Australian Securities and Investments Commission (ASIC) research in 2020 found one in five customers were missing payments.
Social media advertisements by one company, DelayPay, promise easy money to purchase "sheep, lambs, or stud stock" for agribusinesses that are "cashflow tight".
The website of another company, AgPay, says it brings together agricultural skills with "deep expertise in finance".
AgPay managing director Ben Edney said the business was aimed at cropping farmers, with capital between $50,000 and $1 million approved within 48 hours.
BNPL arrangements allow consumers to buy and receive goods immediately from a merchant and repay the financial provider, such as AgPay, over six to 12 months.
"Banks are bureaucratic beasts.
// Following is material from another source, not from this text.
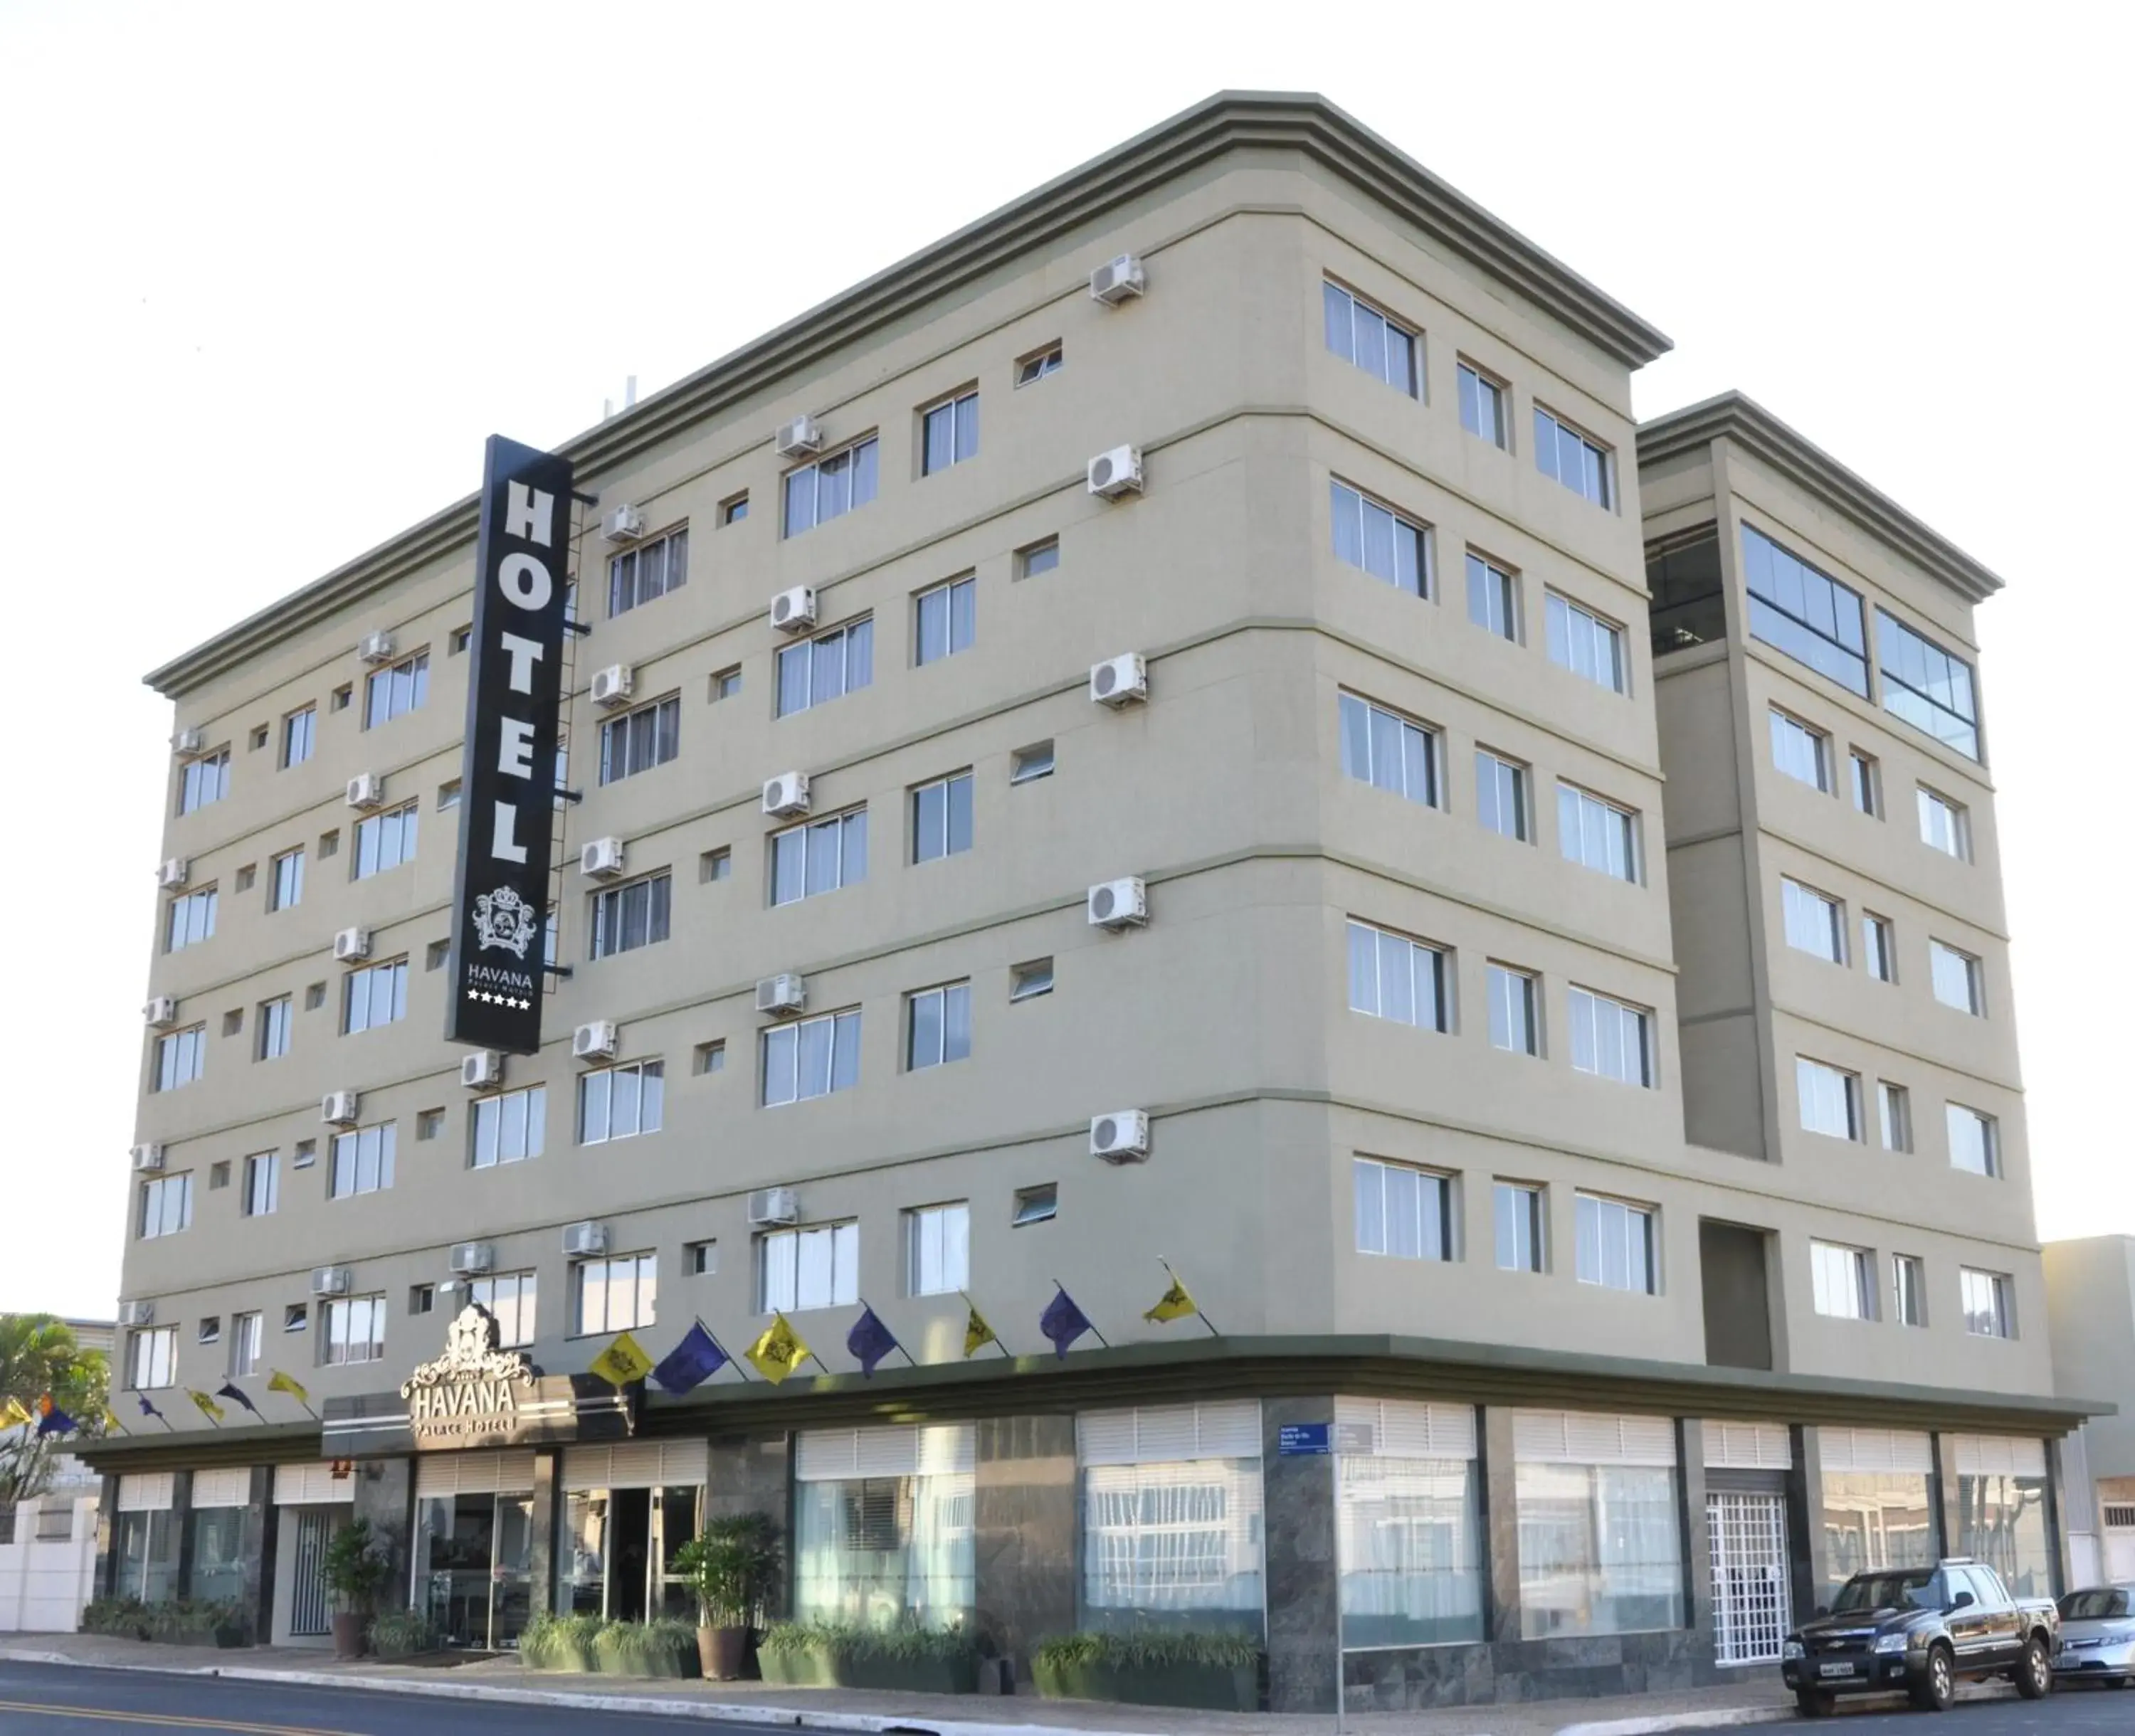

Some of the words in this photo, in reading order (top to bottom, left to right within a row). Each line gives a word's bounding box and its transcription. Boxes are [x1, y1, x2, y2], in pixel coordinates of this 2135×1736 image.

It takes a very long time to get approvals from banks, particularly regarding agricultural working capital," Mr Edney said.
The loans are generally short term to allow for the purchase of inputs and must be paid back within 12 months.
BNPL schemes have been blamed for sending some Australians into a debt spiral.
But Mr Edney said his service did not put unknowing farmers at risk.
"We have no desire to create problems, in fact quite the contrary," he said.
"There are a number of applications we've had to decline because [they did not have] what we view as reasonable credit requirements."
Through artificial intelligence and other systems, approvals are made on the basis of the primary producer's balance sheets and their cropping plans and history.
DelayPay can approve loans for stock, machinery, and feed within 24 hours, which must be repaid in six months.
The ABC contacted DelayPay for comment.
Rising industry
David Galloway is the executive officer of the NSW Rural Financial Counselling Service, which covers central, western, and northern parts of the state.
With livestock prices sky high and commodities surging, he said some farmers and small businesses were struggling to re-enter the market following years of drought and other disasters like the mouse plague and floods.
He described BNPL as a new player in the agriculture industry, which is dominated by banks and government-backed schemes like the Regional Investment Corporation and NSW Rural Assistance Authority.
The financial counselling service already has clients who have been caught out by BNPL.
While debt was common for agricultural enterprises, he cautioned producers before diving headfirst into the BNPL revolution, especially for assets such as stockfeed or animals.
"It adds another element of risk," he said.
"You're not only dealing with interest rates, penalty payments, you're then also hoping the livestock price holds.
Increased risk
RMIT economist Angel Zhong said, like any service, there appeared to be pros and cons.
The pros included "getting rid of a lot of paperwork and making the receipt of these payments seamless" but Dr Zhong said, "We do need to have some regulation in place to protect the farmers".
She warned these forms of loans could become riskier in the face of climate change.
In the case of AgPay, those penalty interest rates are anything up to 8 per cent.
The transparency of those figures has come under fire by Dr Zhong, who wants the BNPL industry better regulated by ASIC.
Providers are generally considered not to be regulated under the federal law that ASIC administers to set out obligations for responsible lending.
Many banks do not currently include BNPL obligations when approving loans "so you can easily increase your liability", Dr Zhong said.
Mr Edney supported the call for greater consumer protection.